Surreal PNG

THERE is something terribly surreal about Papua New Guinea today – an air of unreality that at heart does not augur well for the immediate future. By Wantok

The nation is on the cusp of its greatest resources boom with the nation's first LNG project already firing up its commissioning phase in readiness for exports starting in the second half of next year.

Sales of 6.9 million tonnes of LNG annually to customers in Japan, China and Taiwan is going to provide such a massive fillip to the economy it is anticipated to make an unprecedented surge to propel growth next year and bring possibly around 20% more in 2015.

This single project is about to provide a boost to the PNG economy that will outmatch the tremendous surge in the early 1990s that led to the start of one of the most exciting gold projects the world has seen at Porgera, starting in 1990, followed by the Kutubu oil project.

The 1990s was also PNG's lost decade. Despite the big bucks flowing in from resource exports the governments of the day nevertheless went into a borrowing splurge because of unhappiness over the how slowly prosperity was being spread among the populace.

Some would see parallels today with the record budget deficit planned in the current year and more deficits to come in the ensuing four years before significant corporate taxes from LNG are expected to start kicking in.

Despite the emerging boom the nation is transfixed on issues related to its robust mining sector - from the expropriation of the PNG Sustainable Development Program's 63.4% stake in the Ok Tedi mine to quietly burgeoning opposition to the deep sea mining project of the Canadian- listed Nautilus Minerals.

Amazingly the national media dredged up a 2006 report commissioned by Ok Tedi to help landowners and impacted villagers hold informed negotiations on the levels of compensation they required for the horrific environmental damage caused by tailings to the Fly River system.

With the new times ready to roll the national capital, Port Moresby, has had an incredible facelift after a ban placed on sale of betel nut affected the psyche of residents in the city to establish new levels of cleanliness.

The scene, nevertheless, remains surreal.

In recent times local police have assaulted members of the public on a number of occasions; soldiers raided and badly damaged parts of the University of Papua New Guinea in some kind of retaliatory attack; and there was a K6 million bank heist by security guards supposedly guarding the money.

A front page media report suggested there had been a mass killing in a tribal clash during which an explosive similar to a hand grenade had been used for the first time.

A day later police in Mt Hagen, the Western Highlands capital, had a shootout with rascals out to rob some companies.

Meantime, cabinet ministers and other political leaders are making unprecedented trips abroad despite the excessive costs of flying from PNG.
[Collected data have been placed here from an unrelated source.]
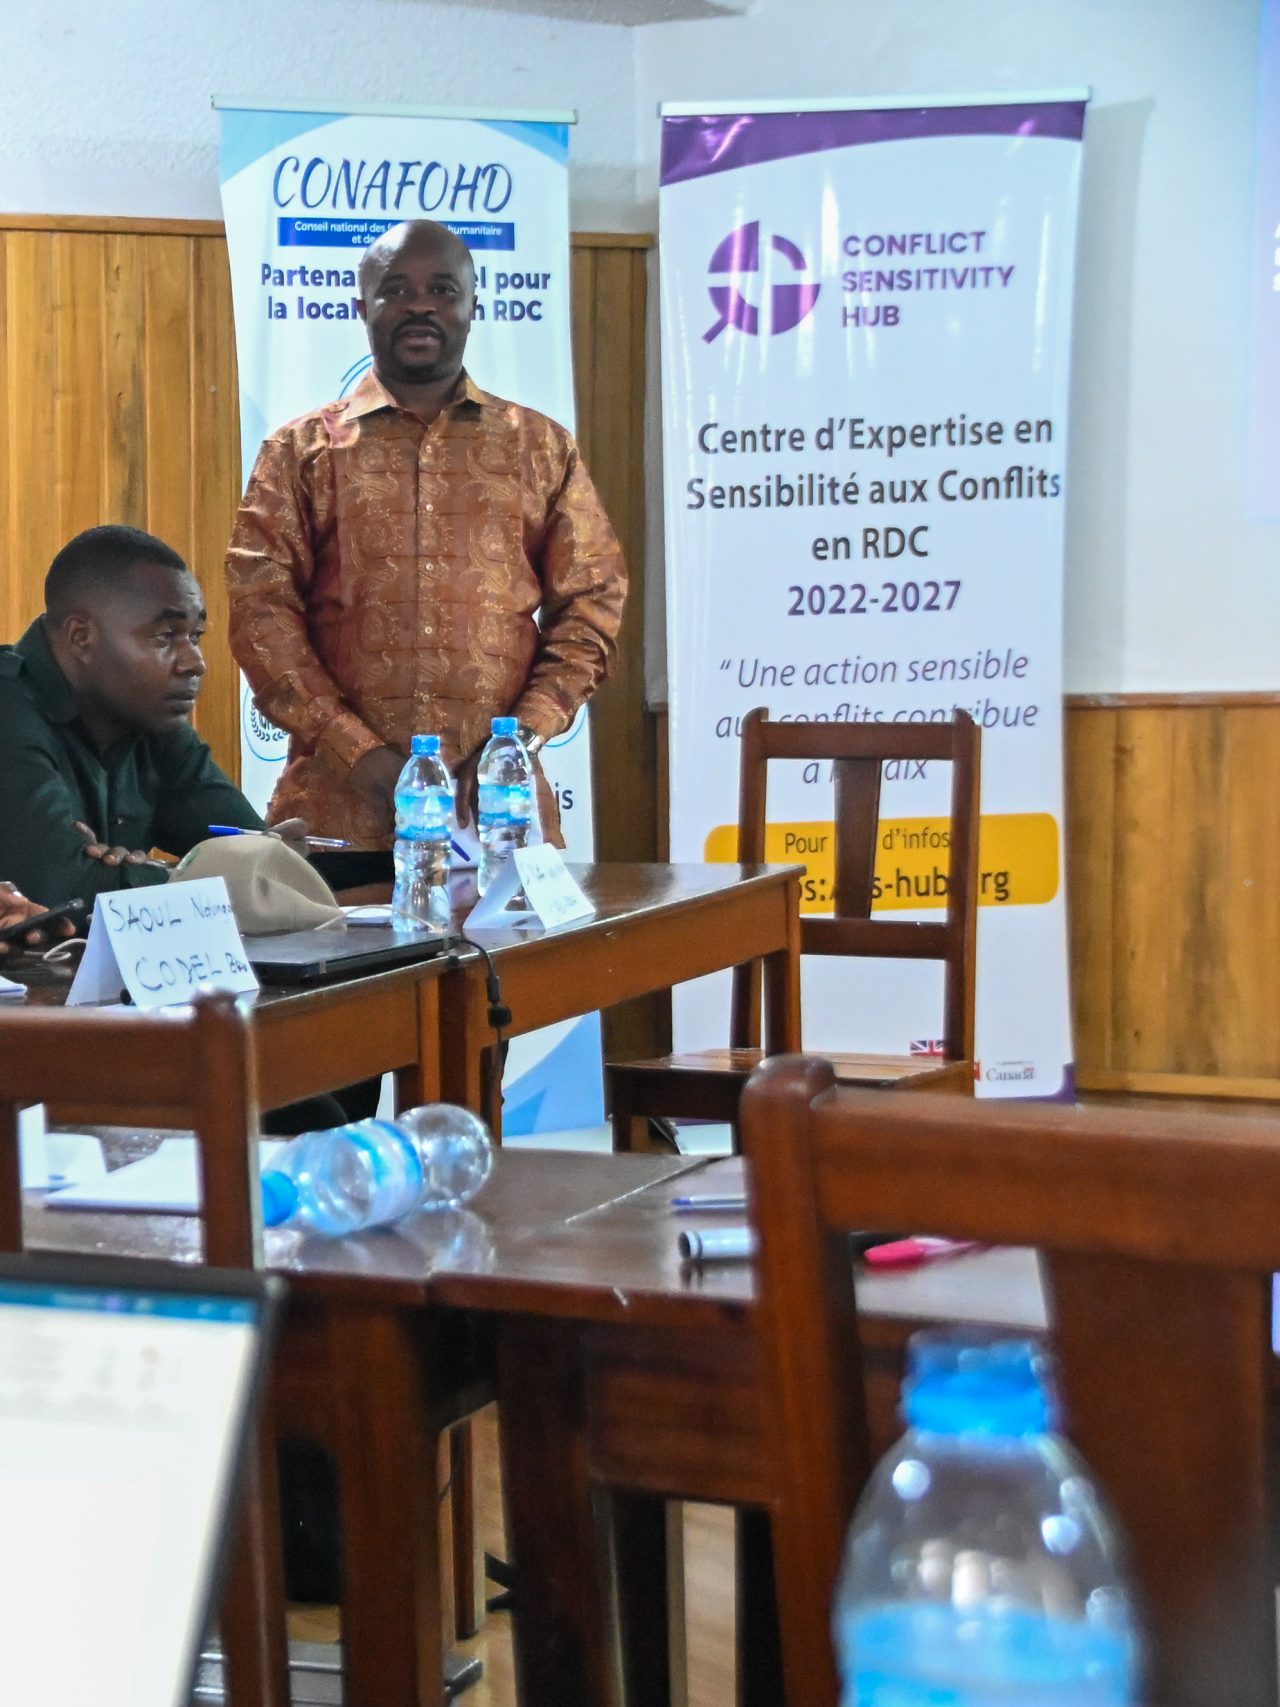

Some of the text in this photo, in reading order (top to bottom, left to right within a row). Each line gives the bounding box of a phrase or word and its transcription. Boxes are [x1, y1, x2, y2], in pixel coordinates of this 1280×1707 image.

[273, 156, 512, 213] CONAFOHD
[294, 221, 329, 232] Conseil
[330, 222, 369, 233] national
[369, 223, 386, 233] des
[351, 236, 362, 244] et
[842, 231, 987, 257] CONFLICT
[261, 263, 357, 287] Partena
[495, 272, 551, 295] pour
[842, 266, 1016, 293] SENSITIVITY
[267, 296, 288, 320] la
[494, 299, 543, 321] RDC
[842, 305, 900, 328] HUB
[697, 421, 806, 455] Centre
[1013, 418, 1053, 445] en
[686, 465, 1062, 511] Sensibilité aux Conflits
[811, 526, 930, 561] en RDC
[787, 580, 962, 616] 2022-2027
[738, 658, 795, 688] Une
[804, 655, 897, 685] action
[906, 648, 1030, 682] sensible
[884, 759, 928, 781] aix
[784, 832, 828, 854] Pour
One of the great travellers is Public Enterprises Minister Ben Micah, who has signed memorandums of understanding - literally paper of little or no value - in countries as distant as China and Israel.

Micah wants PNG to own a satellite by 2018 and expects his Israeli connection to help fix the nation's electricity woes. The department that reports to him, the Independent Public Business Corporation, recently signed an agreement to fix the electricity transmission network in Port Moresby with an Israeli company that has never undertaken such a task in the past.
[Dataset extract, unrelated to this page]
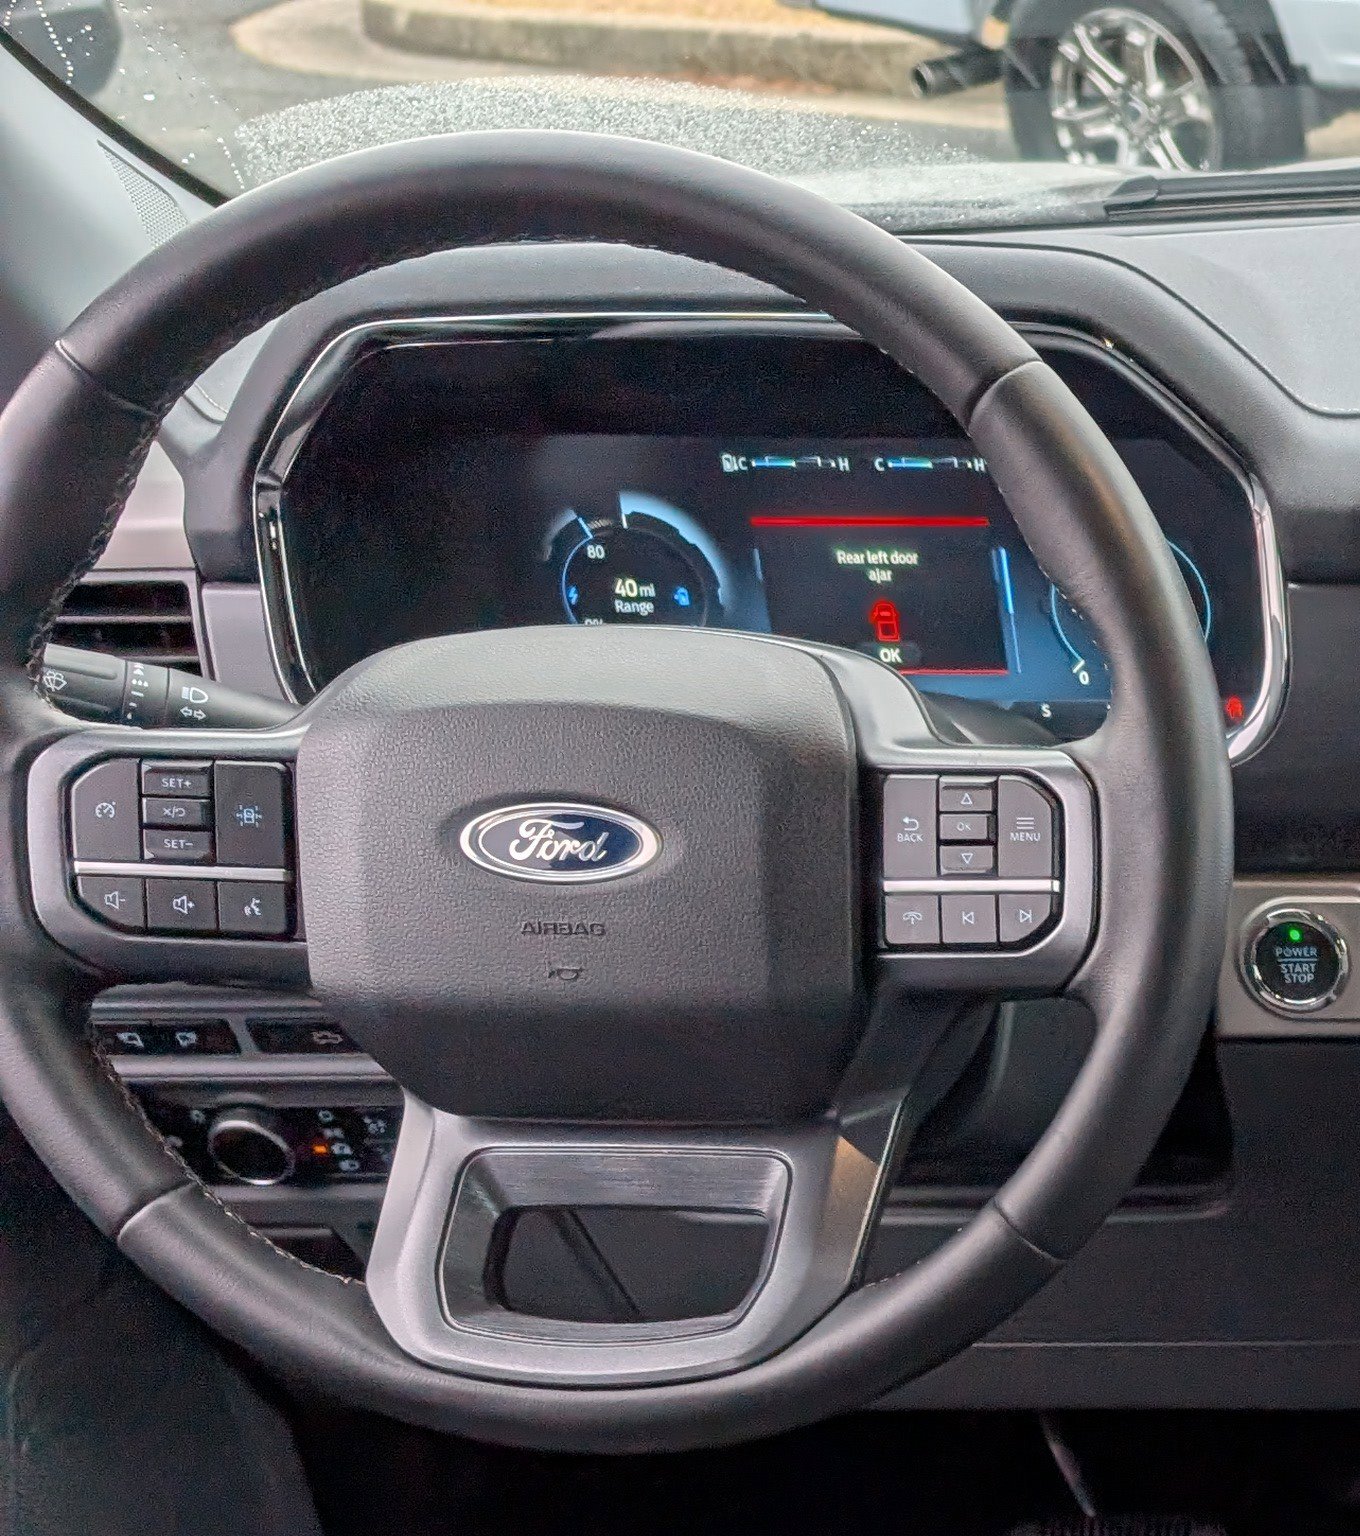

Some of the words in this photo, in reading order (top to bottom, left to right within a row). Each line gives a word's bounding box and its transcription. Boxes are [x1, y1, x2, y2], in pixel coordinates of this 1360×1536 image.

One of the great achievements of the present government has been the proclamation of free primary and secondary education but the Post Courier this past week has written about the woes of headmaster Eddie Morea, in a remote primary school in Gulf Province, who has been dismayed that none of the education funds have to his school.

Morea has to be one of the greatest heroes of PNG's education system. His school in Kikori district, not far from the provincial capital. He was reported to be singlehandedly teaching 143 students who are in grades 3 to 7. The Guinness Book of Records has probably not heard about him.

What is even more surreal about this situation is that no politician, such as the Gulf MPs, or anyone in the education department has even promised to look into the matter, much less fix it.